Speaking from the experience of my own practice as a radio maker and media artist I have started to reflect differently about this territory I was actually transmitting into. While approaching the city from a Arts perspective, I feel unsatisfied with the common media business practice of analysing cities communication potential through market share and targeted audience groups. This dissatisfaction fostered my interest in communication as part of urban planning and media respective radio as a concrete tool for architectural and urban design – based on my reflection as a media practitioner about this space and its modi operandi.

Former works relating to media and the city: the neture series

My creative Ph.D strategy therefore consists out of two parts:

  1.  To form an own theoretical “transdisciplinary” framework called urban media scenography in order to approach the nexus of the contemporary city based on selected source from the area of philosophy, urban planning and media studies
  2. to produce a body of creative work which addresses the “city-ness” (Saskia Sassen).
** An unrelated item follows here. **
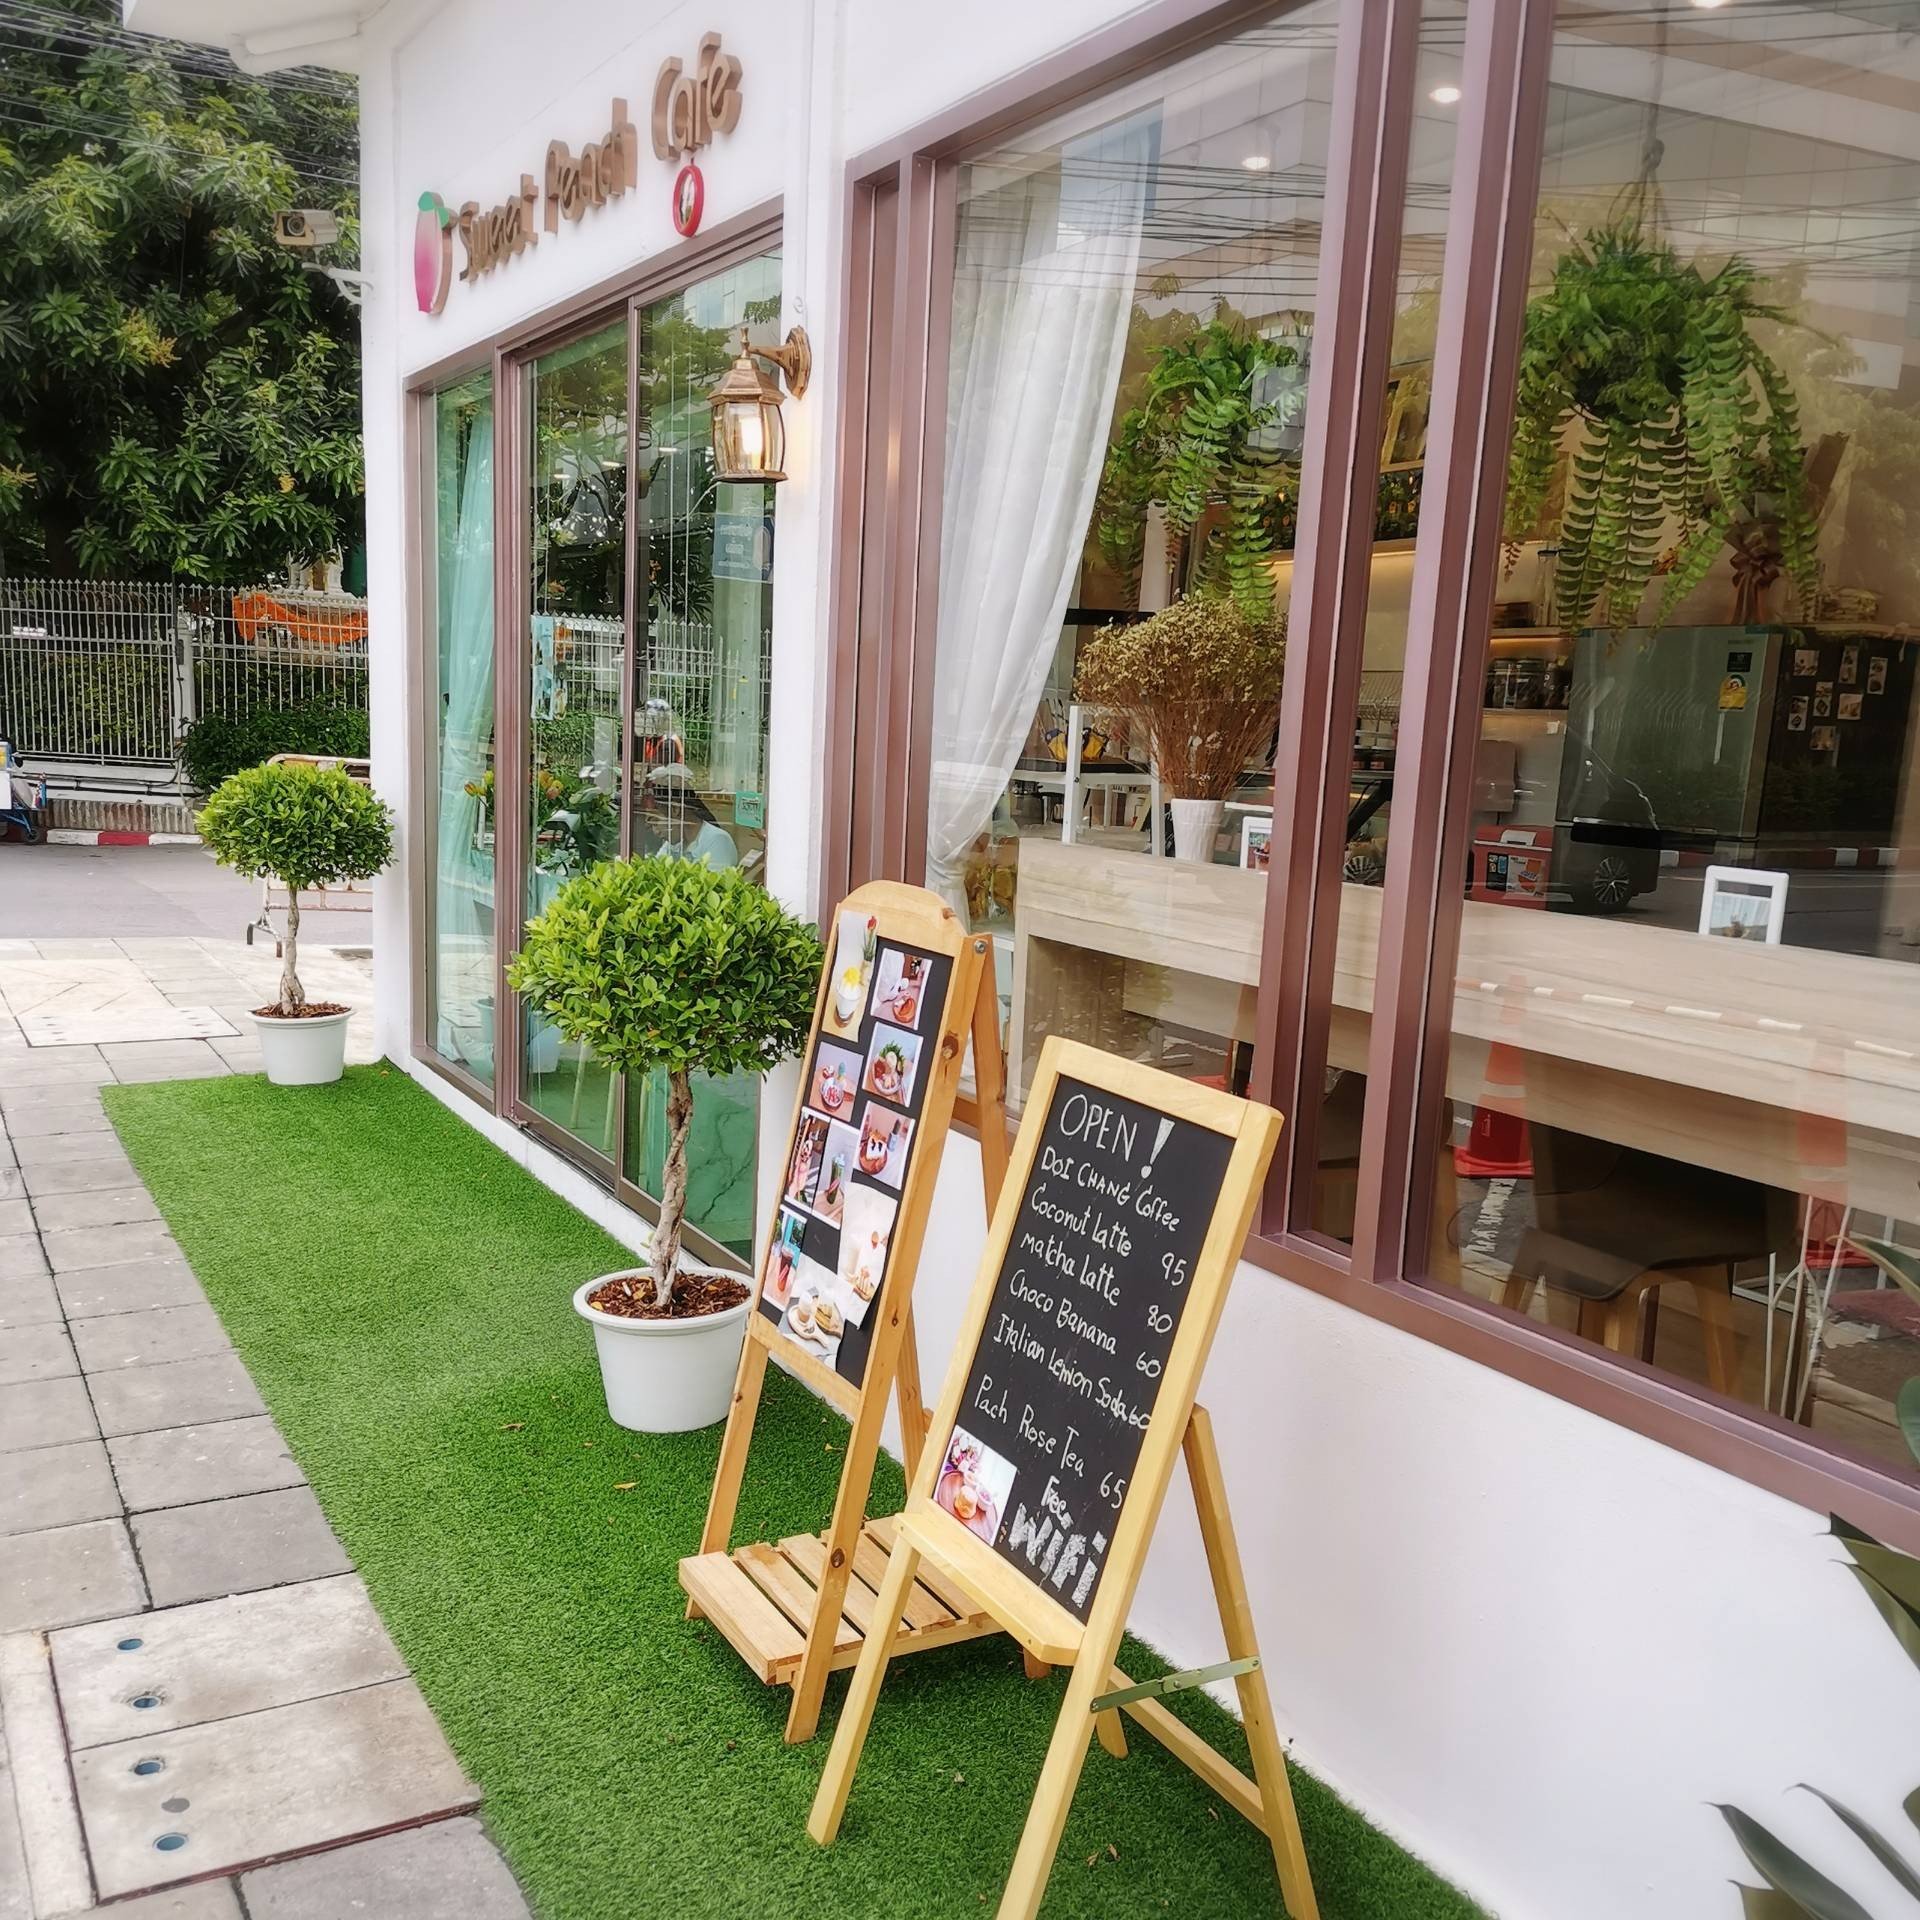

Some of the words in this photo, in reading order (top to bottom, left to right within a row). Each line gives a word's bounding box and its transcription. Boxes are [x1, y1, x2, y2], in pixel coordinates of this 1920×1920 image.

Based on my recent research these two strategic parts (mentioned above) led me to identify two main focusses of my creative research:

  1. the role of the stranger in the network of radio and city
  2. the idea of sonic imaginative leaks or sonic leaks of imagination (not yet decided which wording I like betta)
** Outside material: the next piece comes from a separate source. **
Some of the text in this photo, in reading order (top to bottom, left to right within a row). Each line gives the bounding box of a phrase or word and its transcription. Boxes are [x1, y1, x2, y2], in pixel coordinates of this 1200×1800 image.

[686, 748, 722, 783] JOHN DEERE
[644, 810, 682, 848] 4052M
The role of the stranger in the network of radio and city

  • A concrete urban condition, “on the ground” so to speak.
  • In contrary to the digital sphere where user activity can be precisely measured the conventional broadcast business still relies on to “statistically” assume its targeted audience based on the nature how the data surveys are being conducted and one can not technically measure the tuning in. A fact, which would translate to me, as they don’t really know, they assume. (example?)
  • More generally looking into the notion of the strange or the alien as a communicative challenge, this connects with the concept of a “responsive phenomenology” (Bernhard Waldenfels) and the idea of the creative answer, which means the “what” of an answer is and will be always made up but not the “whereupon” we are answering and this is the true challenge.

The idea of imaginative leaks or leaks of imagination

Here I am aiming from a sound perspective at what the following:

  • In his book “Poetics of Space” the French philosopher Gaston Bachelard unpacks the subconscious qualities of poetic imaginary which seem to leak in from a deeper level of human experience which is usually more hidden and less familiar to our everyday being in communication. The American conceptual artist Joseph Kosuth understands art as something that points or refers to the “unsayable”.
  • I want to connect this with the notion of the “schizo-phonic”. A term coined by the Canadian scholar R. Murray Schafer.
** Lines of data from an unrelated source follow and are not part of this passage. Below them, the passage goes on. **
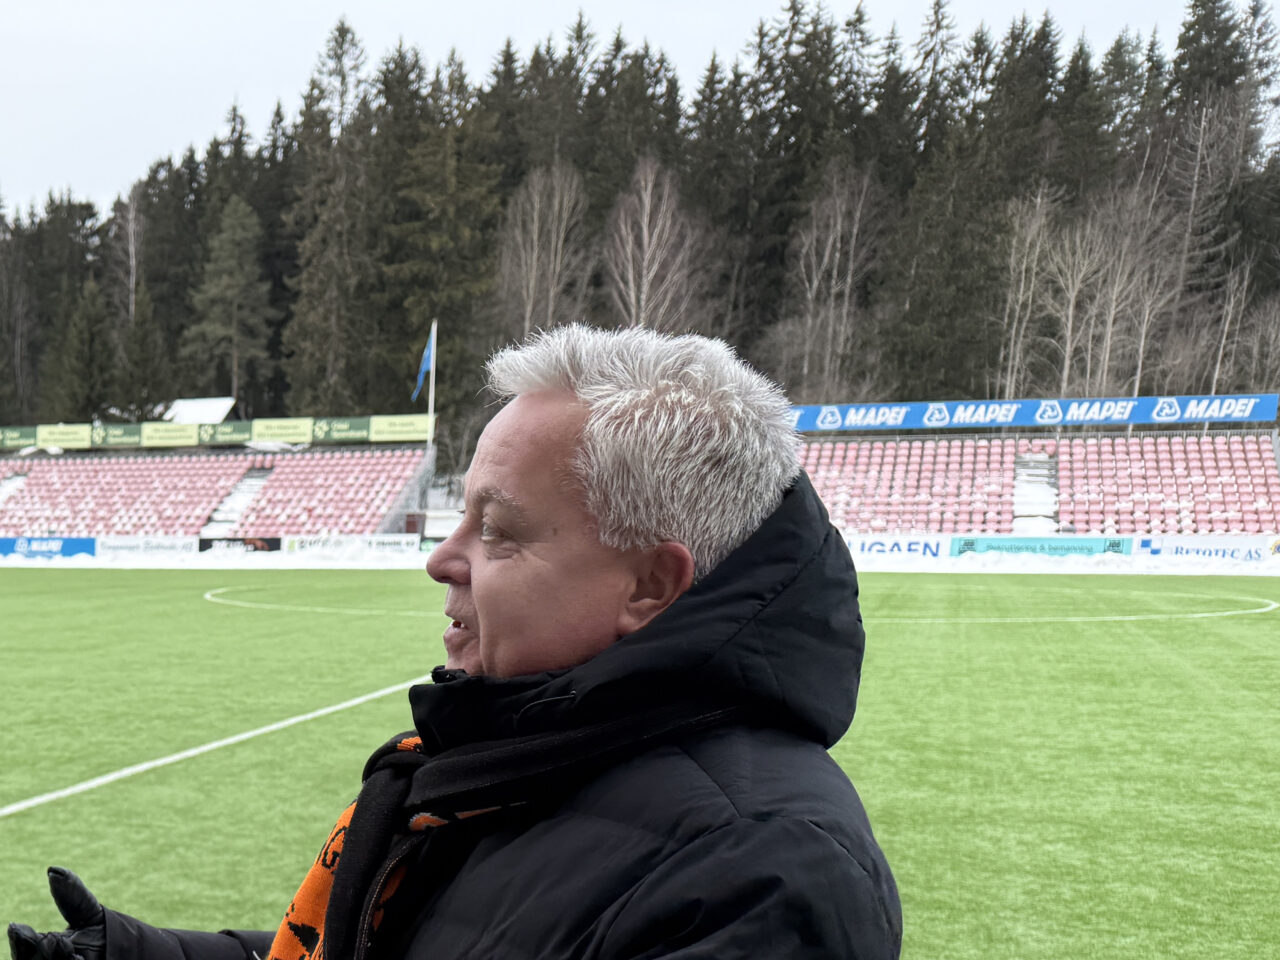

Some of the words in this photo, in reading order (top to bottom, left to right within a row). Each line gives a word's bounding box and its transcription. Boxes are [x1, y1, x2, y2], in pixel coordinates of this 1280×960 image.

[844, 406, 906, 426] MAPEI
[951, 404, 1018, 423] MAPEI
[1065, 401, 1134, 421] MAPEI
[1184, 398, 1255, 418] MAPEI
[1243, 548, 1264, 561] AS
While I do not agree with all of Schafer’s arguments particular in relation to how he comes to terms with an actual moral judgement of a sensual experience from an ecological point of view. Nevertheless his term schizophonic is interesting to me, because I do consider that a split is taking place in the amplification process of mediation in general but to me this is taking place on a social, political and / or cultural level. Although I find the way Schafer is referencing schizophrenia quite cliche like I still appreciate its notion of the potential imaginative leak. However in terms of schizophrenia I prefer to align my work rather along the lines of the work of R. D. Laing or Gregory Bateson’s and their observation of the group dynamics of schizophrenia. In addition I find  Humberto Maturana Romesín’s remark important where he stresses that the difference between virtual and non-virtual realities can only be a cultural one but not one in terms of cognitive perception. This again could be related to R. D. Laing idea of the “reframing”.

Why radio?
- The oldest of the new media
- it’s sound driven and the way sound stimulates one’s imagination in particular because of a lacking visualisation
- it has this clear territorial bond,
- it has proven a strong media hybridity with e.g. online media
- the live moment
- truly global and consumes very little energy in comparison to other electronic media.

Recap:
As soon as one has space, time and energy one has rhythm. The radio format of the series as a mean “rhythmisation of the everyday” and collectively created imaginary territories and therefore similar to other cultural phenomena like play and ritual.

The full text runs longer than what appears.